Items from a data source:
►
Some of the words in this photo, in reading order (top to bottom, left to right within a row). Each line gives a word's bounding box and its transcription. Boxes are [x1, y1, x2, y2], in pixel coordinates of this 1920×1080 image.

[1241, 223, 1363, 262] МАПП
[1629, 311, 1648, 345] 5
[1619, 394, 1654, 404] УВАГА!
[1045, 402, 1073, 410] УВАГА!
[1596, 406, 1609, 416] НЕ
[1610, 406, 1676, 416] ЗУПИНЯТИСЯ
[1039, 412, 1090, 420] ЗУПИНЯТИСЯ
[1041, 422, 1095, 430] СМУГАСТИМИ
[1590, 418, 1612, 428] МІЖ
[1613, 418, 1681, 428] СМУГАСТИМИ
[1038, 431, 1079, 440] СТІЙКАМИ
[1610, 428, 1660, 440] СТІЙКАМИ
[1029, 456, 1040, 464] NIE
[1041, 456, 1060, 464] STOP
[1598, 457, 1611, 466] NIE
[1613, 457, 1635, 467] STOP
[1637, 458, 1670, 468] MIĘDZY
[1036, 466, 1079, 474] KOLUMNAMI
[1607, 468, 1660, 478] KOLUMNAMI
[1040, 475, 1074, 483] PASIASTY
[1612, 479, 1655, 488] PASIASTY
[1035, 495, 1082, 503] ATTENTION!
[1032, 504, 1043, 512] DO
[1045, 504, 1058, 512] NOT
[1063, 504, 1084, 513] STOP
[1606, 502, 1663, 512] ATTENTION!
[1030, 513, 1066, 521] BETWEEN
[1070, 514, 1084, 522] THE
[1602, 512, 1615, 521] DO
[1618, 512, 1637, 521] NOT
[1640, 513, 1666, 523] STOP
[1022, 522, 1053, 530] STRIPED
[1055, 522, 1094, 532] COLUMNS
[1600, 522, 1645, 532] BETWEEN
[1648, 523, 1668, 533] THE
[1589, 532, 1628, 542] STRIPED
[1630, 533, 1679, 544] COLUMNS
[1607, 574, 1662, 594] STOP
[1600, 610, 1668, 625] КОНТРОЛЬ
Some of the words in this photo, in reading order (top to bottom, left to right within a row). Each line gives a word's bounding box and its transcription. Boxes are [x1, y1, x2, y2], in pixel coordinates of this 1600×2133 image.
◄
PROBLEM TO WORK ON: The records above should be given again in full, exactly as written.

ANSWER TO THIS PROBLEM:
Some of the words in this photo, in reading order (top to bottom, left to right within a row). Each line gives a word's bounding box and its transcription. Boxes are [x1, y1, x2, y2], in pixel coordinates of this 1920×1080 image.

[1241, 223, 1363, 262] МАПП
[1629, 311, 1648, 345] 5
[1619, 394, 1654, 404] УВАГА!
[1045, 402, 1073, 410] УВАГА!
[1596, 406, 1609, 416] НЕ
[1610, 406, 1676, 416] ЗУПИНЯТИСЯ
[1039, 412, 1090, 420] ЗУПИНЯТИСЯ
[1041, 422, 1095, 430] СМУГАСТИМИ
[1590, 418, 1612, 428] МІЖ
[1613, 418, 1681, 428] СМУГАСТИМИ
[1038, 431, 1079, 440] СТІЙКАМИ
[1610, 428, 1660, 440] СТІЙКАМИ
[1029, 456, 1040, 464] NIE
[1041, 456, 1060, 464] STOP
[1598, 457, 1611, 466] NIE
[1613, 457, 1635, 467] STOP
[1637, 458, 1670, 468] MIĘDZY
[1036, 466, 1079, 474] KOLUMNAMI
[1607, 468, 1660, 478] KOLUMNAMI
[1040, 475, 1074, 483] PASIASTY
[1612, 479, 1655, 488] PASIASTY
[1035, 495, 1082, 503] ATTENTION!
[1032, 504, 1043, 512] DO
[1045, 504, 1058, 512] NOT
[1063, 504, 1084, 513] STOP
[1606, 502, 1663, 512] ATTENTION!
[1030, 513, 1066, 521] BETWEEN
[1070, 514, 1084, 522] THE
[1602, 512, 1615, 521] DO
[1618, 512, 1637, 521] NOT
[1640, 513, 1666, 523] STOP
[1022, 522, 1053, 530] STRIPED
[1055, 522, 1094, 532] COLUMNS
[1600, 522, 1645, 532] BETWEEN
[1648, 523, 1668, 533] THE
[1589, 532, 1628, 542] STRIPED
[1630, 533, 1679, 544] COLUMNS
[1607, 574, 1662, 594] STOP
[1600, 610, 1668, 625] КОНТРОЛЬ
Some of the words in this photo, in reading order (top to bottom, left to right within a row). Each line gives a word's bounding box and its transcription. Boxes are [x1, y1, x2, y2], in pixel coordinates of this 1600×2133 image.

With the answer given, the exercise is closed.